Abstract. Semi-volatile and intermediate-volatility organic
compounds (S–IVOCs) are considered critical precursors of secondary
organic aerosol (SOA), which is an important component of fine particulate
matter (PM2.5). However, knowledge of the contributions of S–IVOCs
to SOA is still lacking in the Pearl River Delta (PRD) region,
southern China. Therefore, in this study, an emission inventory of S–IVOCs
in the PRD region was developed for the first time for the year 2010. The
S–IVOC emissions were calculated based on a parameterization method involving
the emission factors of POA (primary organic aerosol), emission ratios of
S–IVOCs to POA, and domestic activity data. The total emissions of S–IVOCs
were estimated to be 323.4 Gg, with major emissions from central cities in the
PRD, i.e., Guangzhou, Foshan, and Shenzhen. On-road mobile sources and
industries were the two major contributors of S–IVOC emissions, with
contributions of ∼42 % and ∼35 %,
respectively. Furthermore, uncertainties of the emission inventory were
evaluated through Monte Carlo simulation.

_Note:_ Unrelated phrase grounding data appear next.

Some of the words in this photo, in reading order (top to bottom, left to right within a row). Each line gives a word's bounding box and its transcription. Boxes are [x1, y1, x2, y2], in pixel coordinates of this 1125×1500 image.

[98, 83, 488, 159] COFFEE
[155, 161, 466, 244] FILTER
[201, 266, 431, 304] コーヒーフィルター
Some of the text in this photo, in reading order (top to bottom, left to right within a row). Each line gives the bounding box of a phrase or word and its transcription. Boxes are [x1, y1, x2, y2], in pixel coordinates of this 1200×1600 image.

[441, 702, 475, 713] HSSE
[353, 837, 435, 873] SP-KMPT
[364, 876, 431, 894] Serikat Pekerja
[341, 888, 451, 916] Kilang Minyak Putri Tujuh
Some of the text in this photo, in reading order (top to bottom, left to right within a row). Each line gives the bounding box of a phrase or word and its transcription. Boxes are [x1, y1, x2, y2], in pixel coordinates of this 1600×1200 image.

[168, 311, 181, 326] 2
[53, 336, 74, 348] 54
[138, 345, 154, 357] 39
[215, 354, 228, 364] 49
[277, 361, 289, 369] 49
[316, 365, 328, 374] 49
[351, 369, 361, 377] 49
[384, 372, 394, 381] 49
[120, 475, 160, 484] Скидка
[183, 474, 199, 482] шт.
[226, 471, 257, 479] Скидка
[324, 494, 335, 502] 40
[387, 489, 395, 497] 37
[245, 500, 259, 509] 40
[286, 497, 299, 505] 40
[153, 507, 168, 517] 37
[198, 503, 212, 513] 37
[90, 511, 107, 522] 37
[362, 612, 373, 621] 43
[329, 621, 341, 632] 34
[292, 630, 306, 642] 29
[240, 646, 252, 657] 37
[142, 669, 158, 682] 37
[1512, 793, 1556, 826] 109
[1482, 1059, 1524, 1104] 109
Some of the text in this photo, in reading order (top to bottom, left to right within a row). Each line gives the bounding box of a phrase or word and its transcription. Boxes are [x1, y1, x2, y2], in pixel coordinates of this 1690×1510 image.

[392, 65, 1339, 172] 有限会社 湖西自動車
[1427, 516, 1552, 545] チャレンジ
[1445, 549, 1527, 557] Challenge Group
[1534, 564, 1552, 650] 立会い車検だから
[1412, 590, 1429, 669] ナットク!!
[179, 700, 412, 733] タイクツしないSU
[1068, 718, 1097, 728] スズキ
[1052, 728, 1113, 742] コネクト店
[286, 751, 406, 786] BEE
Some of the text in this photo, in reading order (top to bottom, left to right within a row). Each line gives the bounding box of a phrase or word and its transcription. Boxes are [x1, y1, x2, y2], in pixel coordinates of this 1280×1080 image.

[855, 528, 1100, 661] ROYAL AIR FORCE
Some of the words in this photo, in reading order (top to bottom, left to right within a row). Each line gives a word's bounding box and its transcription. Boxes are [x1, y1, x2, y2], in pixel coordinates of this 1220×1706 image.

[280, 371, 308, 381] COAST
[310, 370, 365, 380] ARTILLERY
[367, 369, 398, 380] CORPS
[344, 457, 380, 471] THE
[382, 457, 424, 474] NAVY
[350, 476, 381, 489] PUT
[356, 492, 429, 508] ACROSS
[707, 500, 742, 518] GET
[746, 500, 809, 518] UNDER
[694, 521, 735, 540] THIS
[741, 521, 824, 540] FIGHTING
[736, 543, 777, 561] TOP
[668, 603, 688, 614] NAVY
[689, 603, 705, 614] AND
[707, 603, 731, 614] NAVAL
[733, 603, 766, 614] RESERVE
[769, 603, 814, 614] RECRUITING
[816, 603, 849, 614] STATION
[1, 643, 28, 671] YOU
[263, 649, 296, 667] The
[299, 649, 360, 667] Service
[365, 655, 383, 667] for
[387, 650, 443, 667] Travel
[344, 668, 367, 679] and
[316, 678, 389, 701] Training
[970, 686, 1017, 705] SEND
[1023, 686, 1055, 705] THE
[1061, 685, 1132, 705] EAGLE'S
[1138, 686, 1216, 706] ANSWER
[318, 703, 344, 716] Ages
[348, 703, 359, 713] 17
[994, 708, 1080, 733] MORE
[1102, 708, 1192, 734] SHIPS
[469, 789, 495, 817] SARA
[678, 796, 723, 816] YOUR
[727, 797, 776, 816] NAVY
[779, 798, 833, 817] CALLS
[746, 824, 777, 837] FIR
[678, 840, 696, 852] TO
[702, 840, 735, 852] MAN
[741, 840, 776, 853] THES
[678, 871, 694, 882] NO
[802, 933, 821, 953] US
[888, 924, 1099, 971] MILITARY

The uncertainties ranged from
−79 % to 229 %, which could be mainly attributed to mass fractions of OC
(organic carbon) to PM2.5 from on-road mobile emissions and emission
ratios of IVOCs ∕ POA. The developed S–IVOC emission inventory was further
incorporated into the Weather Research and Forecasting with Chemistry
(WRF-Chem) model with a volatility basis-set (VBS) approach to improve the
performance of SOA simulation and to evaluate the influence of S–IVOCs on
SOA formation at a receptor site (Wan Qing Sha (WQS) site) in the PRD. The
following results could be obtained. (1) The model could resolve about
34 % on average of observed SOA concentrations at WQS after considering
the emissions of S–IVOCs, and 18 %–77 % with the uncertainties of the
S–IVOC emission inventory considered. (2) The simulated SOA over the PRD
region was increased by 161 % with the input of S–IVOC emissions, and it
could be decreased to 126 % after the reaction coefficient of S–IVOCs with
OH radical was improved. (3) Among all anthropogenic sources of S–IVOCs,
industrial emission was the most significant contributor of S–IVOCs for SOA
formation, followed by on-road mobile, dust, biomass burning, residential,
and off-road mobile emissions. Overall, this study firstly quantified
emissions of S–IVOCs and evaluated their roles in SOA formation over the PRD,
which contributes towards significantly improving SOA simulation and better
understanding of SOA formation mechanisms in the PRD and other regions in China.